* **THE TASK**: Only the pictures are to be dropped; the rest of the data below is to be duplicated exactly.

* **SOURCE DATA**:
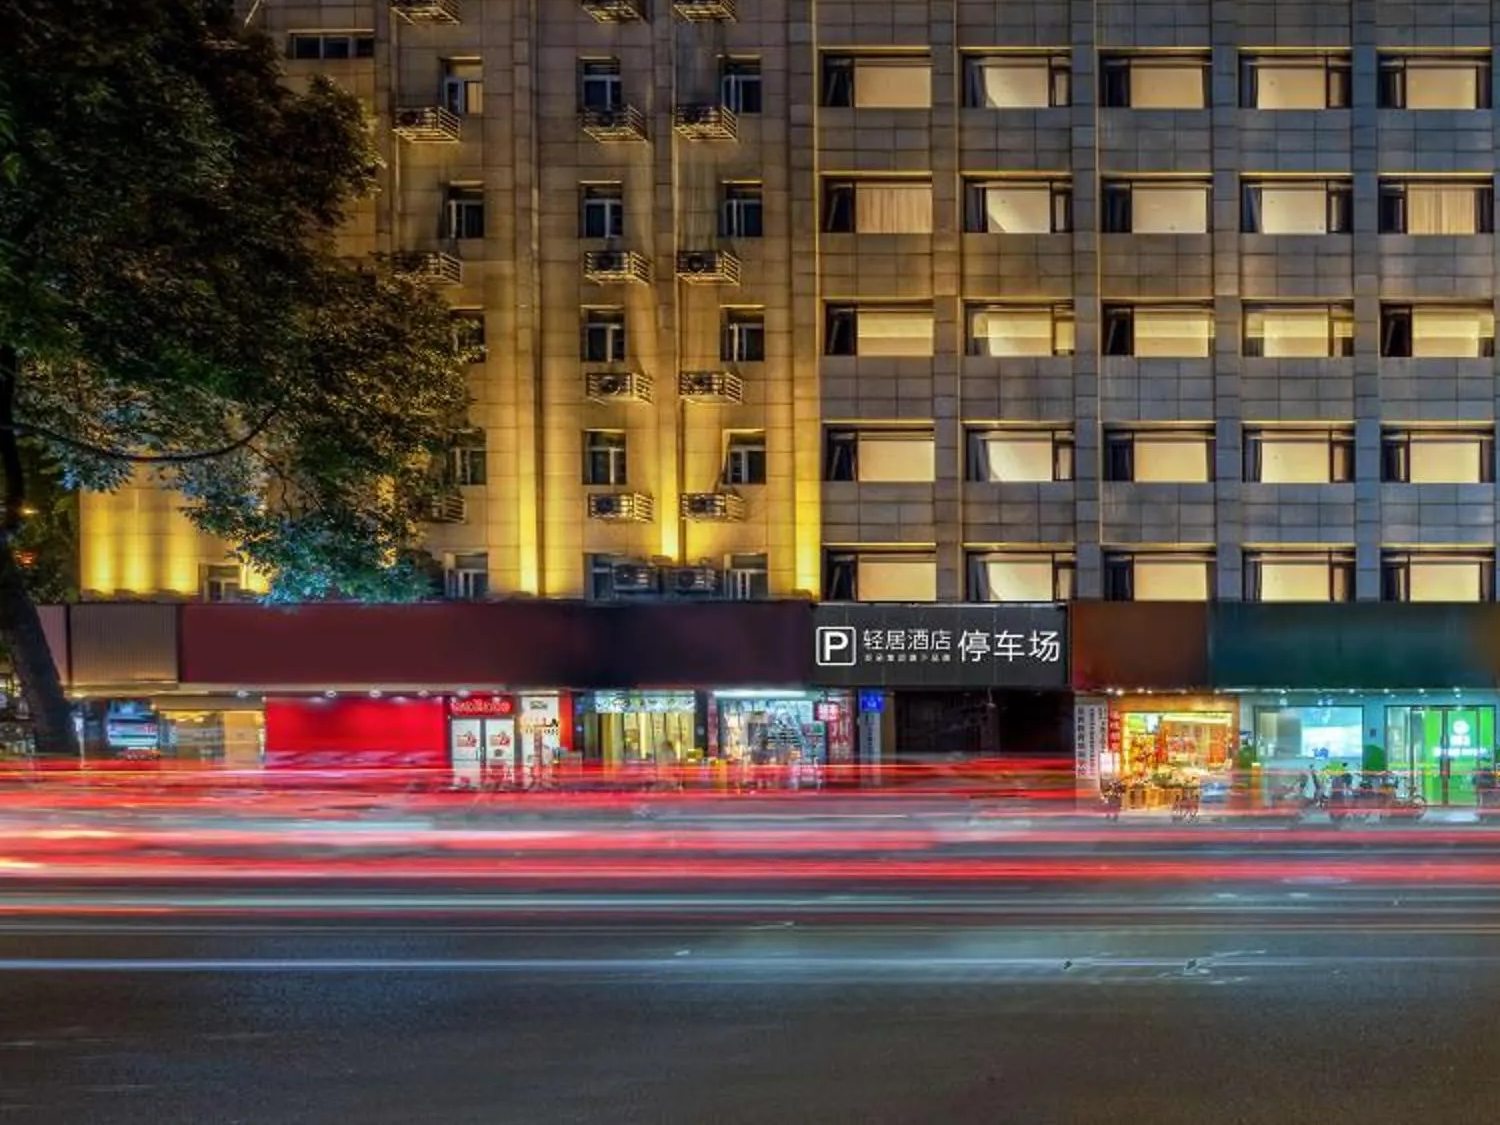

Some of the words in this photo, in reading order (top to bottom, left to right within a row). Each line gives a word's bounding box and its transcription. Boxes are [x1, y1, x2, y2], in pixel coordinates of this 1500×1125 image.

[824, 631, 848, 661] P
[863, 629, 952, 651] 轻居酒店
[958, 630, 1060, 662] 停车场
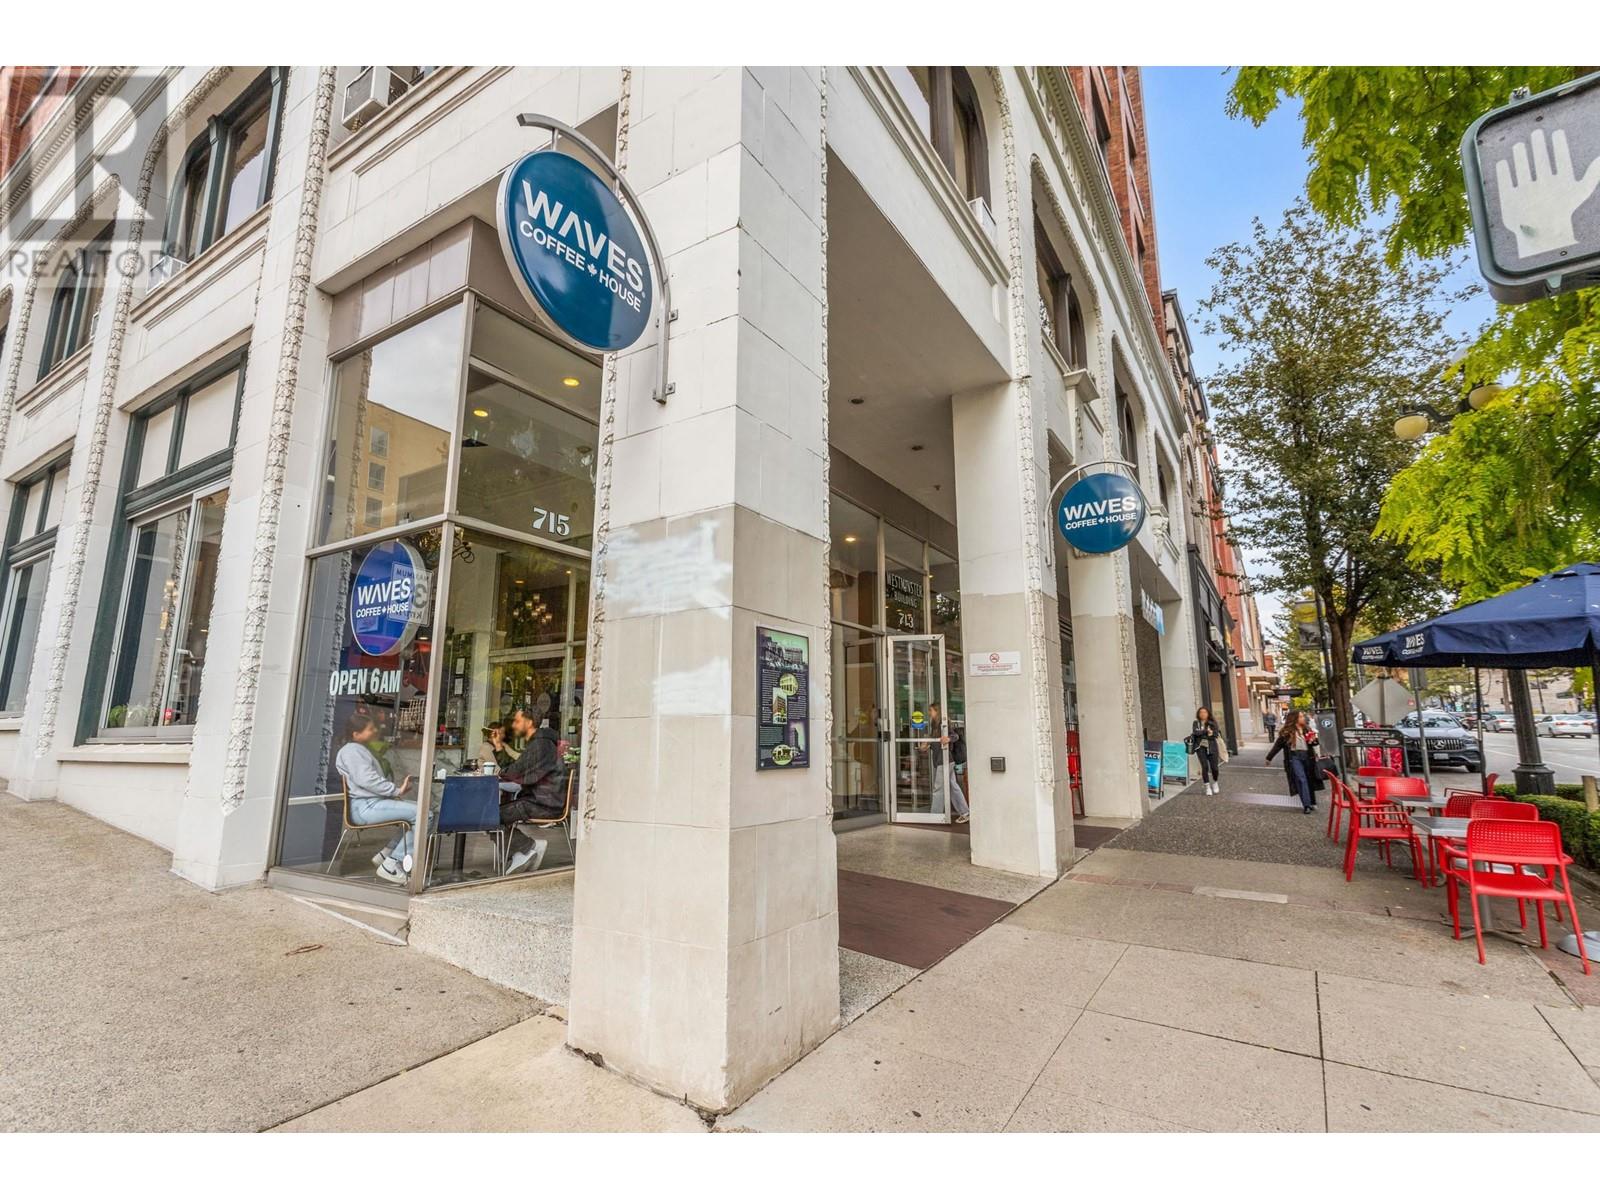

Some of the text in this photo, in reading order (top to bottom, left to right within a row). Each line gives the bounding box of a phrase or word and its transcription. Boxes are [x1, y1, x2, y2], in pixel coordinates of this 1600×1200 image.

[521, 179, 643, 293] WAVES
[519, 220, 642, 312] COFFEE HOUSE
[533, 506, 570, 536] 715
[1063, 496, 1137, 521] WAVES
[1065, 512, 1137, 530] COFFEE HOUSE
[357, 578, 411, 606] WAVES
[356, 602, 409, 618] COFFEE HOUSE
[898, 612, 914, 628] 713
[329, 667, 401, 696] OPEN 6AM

* **EXERCISE ANSWER**:
Some of the words in this photo, in reading order (top to bottom, left to right within a row). Each line gives a word's bounding box and its transcription. Boxes are [x1, y1, x2, y2], in pixel coordinates of this 1500×1125 image.

[824, 631, 848, 661] P
[863, 629, 952, 651] 轻居酒店
[958, 630, 1060, 662] 停车场

Some of the text in this photo, in reading order (top to bottom, left to right within a row). Each line gives the bounding box of a phrase or word and its transcription. Boxes are [x1, y1, x2, y2], in pixel coordinates of this 1600×1200 image.

[521, 179, 643, 293] WAVES
[519, 220, 642, 312] COFFEE HOUSE
[533, 506, 570, 536] 715
[1063, 496, 1137, 521] WAVES
[1065, 512, 1137, 530] COFFEE HOUSE
[357, 578, 411, 606] WAVES
[356, 602, 409, 618] COFFEE HOUSE
[898, 612, 914, 628] 713
[329, 667, 401, 696] OPEN 6AM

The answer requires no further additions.